IL RITORNO DEGLI ETRUSCHI di Marco Cianca
di Marco Cianca
21-02-2024 - EDITORIALE
Paolo Vittorelli, da fine intellettuale qual era, la metteva così: “Chiunque osservi la storiografia italiana, dedicata alle fonti ideali e politiche dell'Italia democratica e repubblicana scaturita dalla Resistenza, scopre che il parlare di GL e dei giellisti è come parlare degli Etruschi nell'Italia antica, ossia di un popolo del quale si è costretti ad ammettere l'esistenza storica e magari pure l'importanza, dato che ha lasciato tracce di sé da tutte le parti; ma, non conoscendone la lingua, si finge di non sapere da dove venga, che cosa abbia prodotto, dove sia andato a finire”.

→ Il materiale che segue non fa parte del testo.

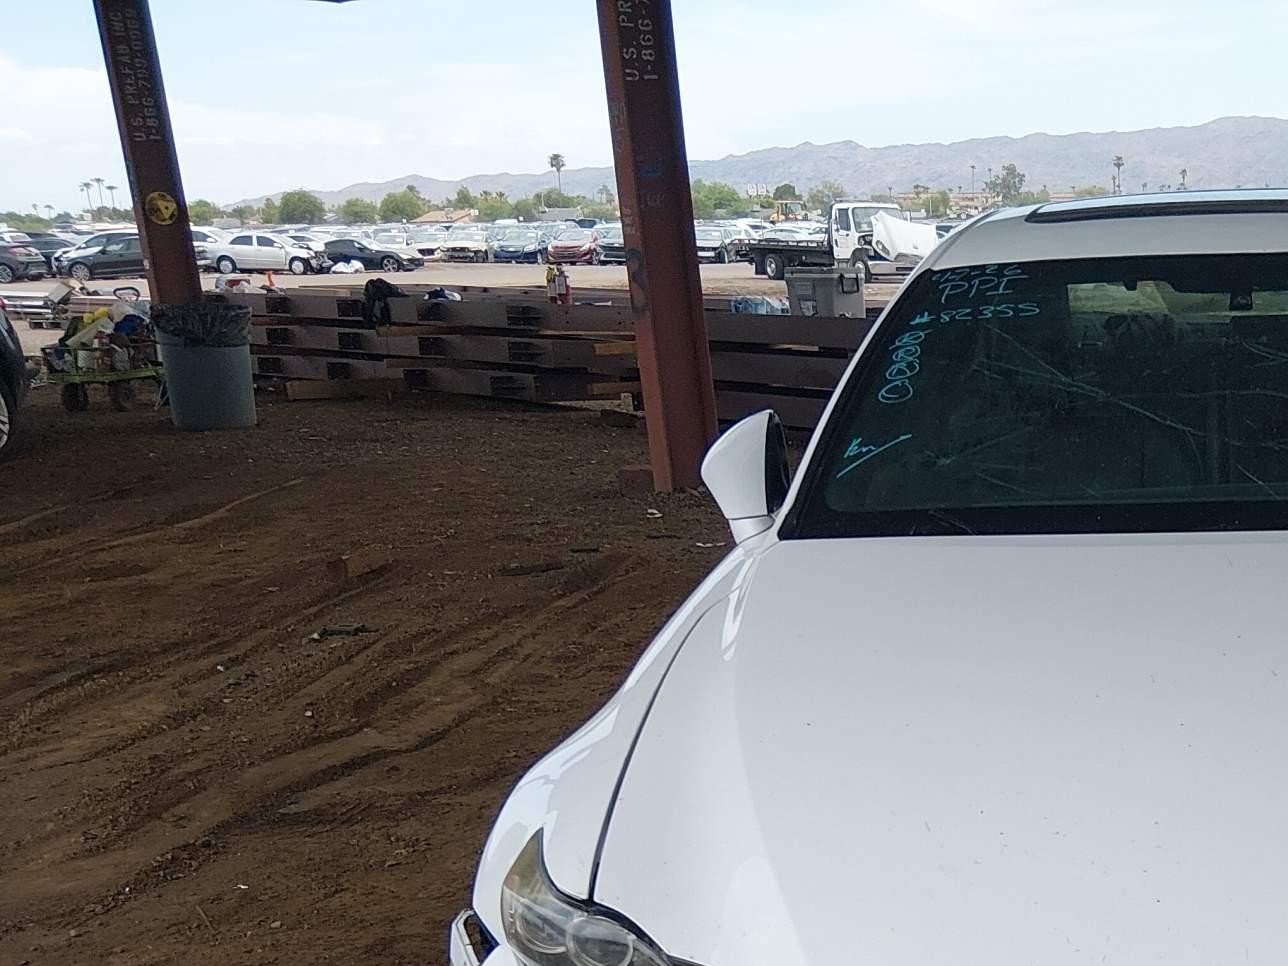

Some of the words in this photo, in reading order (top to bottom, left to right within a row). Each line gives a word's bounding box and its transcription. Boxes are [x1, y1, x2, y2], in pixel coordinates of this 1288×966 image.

[109, 11, 126, 36] INC
[622, 41, 640, 81] U.S.
[938, 275, 1030, 304] PPI

Lo stesso vale per gli azionisti, ormai ridotti a figure mitiche di un passato leggendario. Come era possibile che fossero così coerenti, incorruttibili, lucidi, senza paura? Alieni in un'Italia dedita al compromesso, alla faciloneria, alla scorciatoia, alla pigrizia, all'invidia, all'avidità. Intrisa di egoistico opportunismo. E priva di una vera coscienza democratica. Prima, durante e dopo il ventennio. Diceva Umberto Calosso: “Noi siano indietro di tre rivoluzioni. La rivoluzione protestante, che ha restituito la responsabilità dell'individuo davanti a Dio. La rivoluzione francese, che gli ha restituito il senso della libertà e dell'uguaglianza. La rivoluzione bolscevica, che gli ha dato la coscienza di classe. Alla prima, noi abbiamo opposto la Controriforma. Alla seconda, i Savoia. Alla terza, il fascismo”.

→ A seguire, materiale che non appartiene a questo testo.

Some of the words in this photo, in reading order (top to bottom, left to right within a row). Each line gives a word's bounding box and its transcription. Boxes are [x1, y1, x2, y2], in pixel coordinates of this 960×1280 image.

Lo stesso Vittorelli ammetteva che c'era del vero in queste parole. E aggiungeva: “Se la guerra partigiana non avesse saputo fare propri i motivi di quelle tre rivoluzioni, sia pure in termini moderni ed eliminandone i difetti, dal settarismo al giacobinismo e allo stalinismo, saremmo rimasti ancora una volta a rimorchio di chi fosse andato più veloce di noi”.

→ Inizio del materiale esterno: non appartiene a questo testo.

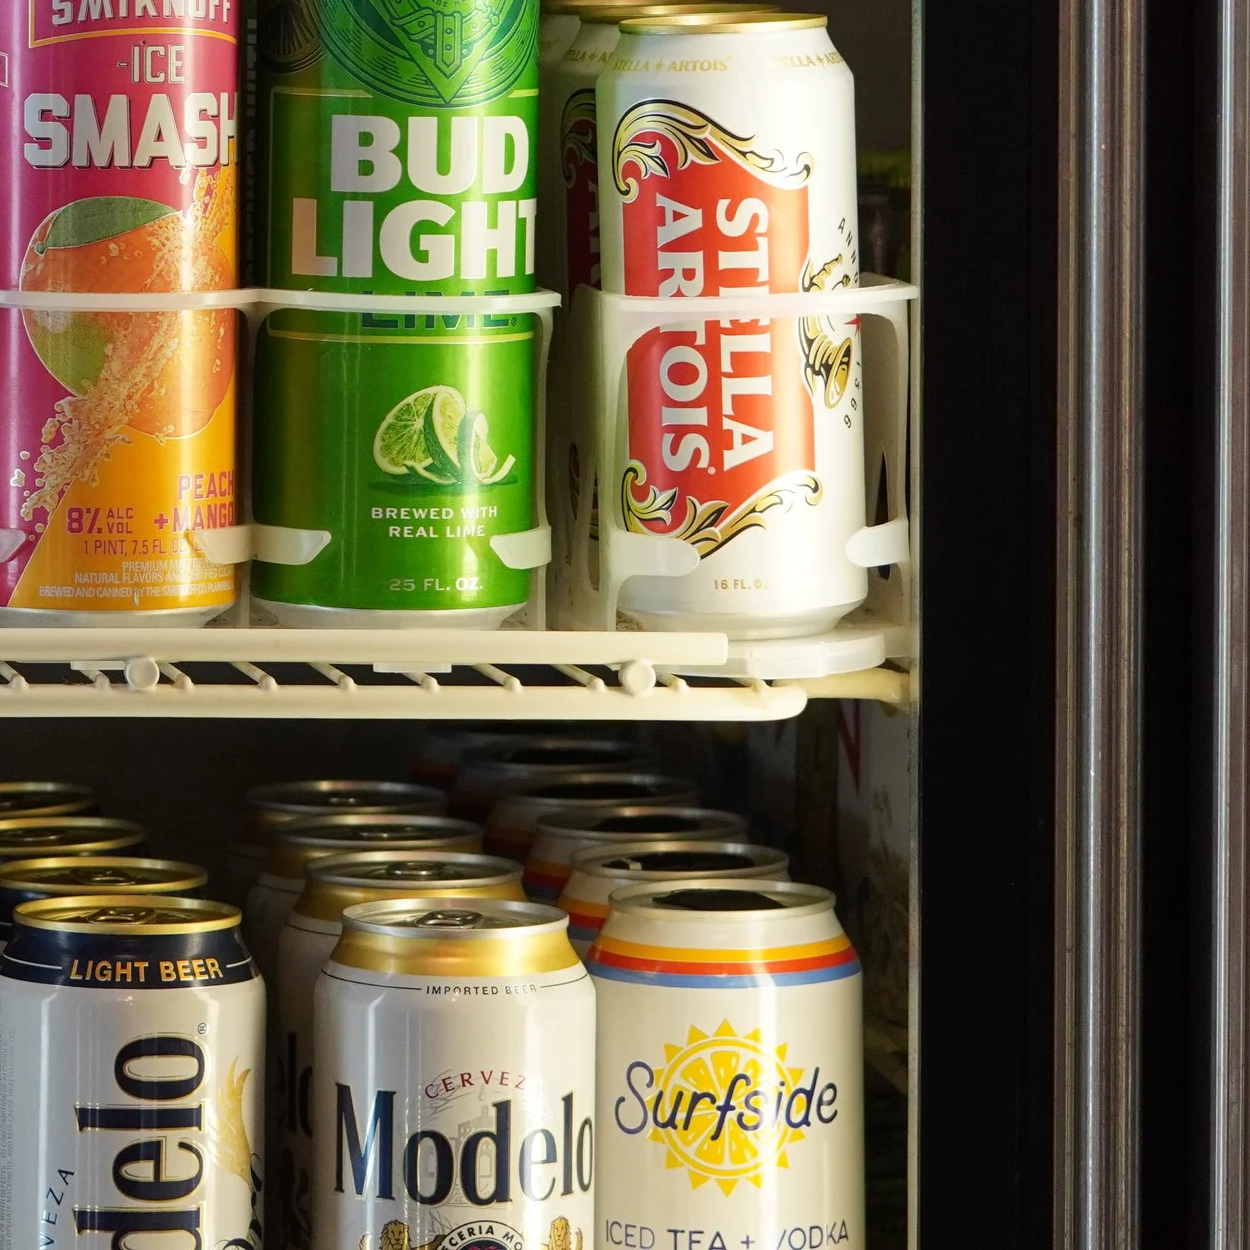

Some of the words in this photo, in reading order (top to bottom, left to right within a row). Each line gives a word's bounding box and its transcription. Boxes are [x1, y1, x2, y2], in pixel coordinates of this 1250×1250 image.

[667, 58, 729, 73] ARTOIS
[23, 92, 238, 170] SMASH
[330, 114, 530, 195] BUD
[291, 197, 538, 282] LIGHT
[178, 469, 235, 501] PEACH
[67, 507, 103, 534] 8%
[106, 507, 134, 520] ALC
[371, 507, 454, 520] BREWED
[461, 505, 498, 519] WITH
[106, 522, 134, 534] VOL
[389, 526, 439, 538] REAL
[445, 525, 485, 538] LIME
[83, 540, 89, 555] 1
[94, 539, 129, 557] PINT,
[132, 539, 149, 555] 7.5
[389, 579, 416, 591] 25
[423, 578, 450, 591] FL.
[455, 577, 484, 591] OZ.
[713, 579, 729, 590] 16
[733, 578, 751, 590] FL.
[69, 958, 149, 982] LIGHT
[159, 957, 224, 981] BEER
[426, 985, 499, 996] IMPORTED
[505, 983, 537, 994] BEER
[425, 1070, 530, 1100] CERVEZ
[615, 1061, 838, 1141] Surfside
[334, 1082, 594, 1206] Modelo
[606, 1220, 655, 1250] ICED
[667, 1229, 727, 1250] TEA

Eppure, nemmeno la Resistenza ha reso compatibili i valori dell'azionismo con la maggioritaria subcultura italiota. Mai disposta ad ammettere i propri errori e sempre incline a dimenticare il passato per tendere ad un futuro ipocrita. Come Pinocchio, i nostri ineffabili compatrioti tirano il martello al grillo parlante perché non vogliono ascoltare i suoi saggi consigli.
Tornano alla mente le potenti immagini usate da Carlo Levi, nel settimo capitolo de “L'Orologio”, per descrivere le dimissioni di Ferruccio Parri. Gli uscieri del Viminale “avevano le facce distese di chi si è tolto un gran peso dal cuore: essi sentivano che era l'ultimo giorno nel quale degli sconosciuti senza titolo, con facce e vestiti che parevano di un'altra razza, penetravano in quella loro casa; che essa non sarebbe mai più stata profanata; che quel Palazzo, che aveva resistito imperturbabile a tante bufere, sarebbe finalmente tornato in loro possesso, per loro, per loro soli. Non avrebbero più dovuto trepidare al pensiero di folli riforme, di insensati cambiamenti, di crudeli epurazioni, di ridicole pretese di efficienza: non avrebbero più dovuto salutare qualcuno che non si peritava di umiliarli schivando gli onori, che li insultava rifiutando persino il titolo di Eccellenza, così dolce sulla bocca. Non si sarebbero più nascosti, con senso di colpa …Via i profani dal tempio! “.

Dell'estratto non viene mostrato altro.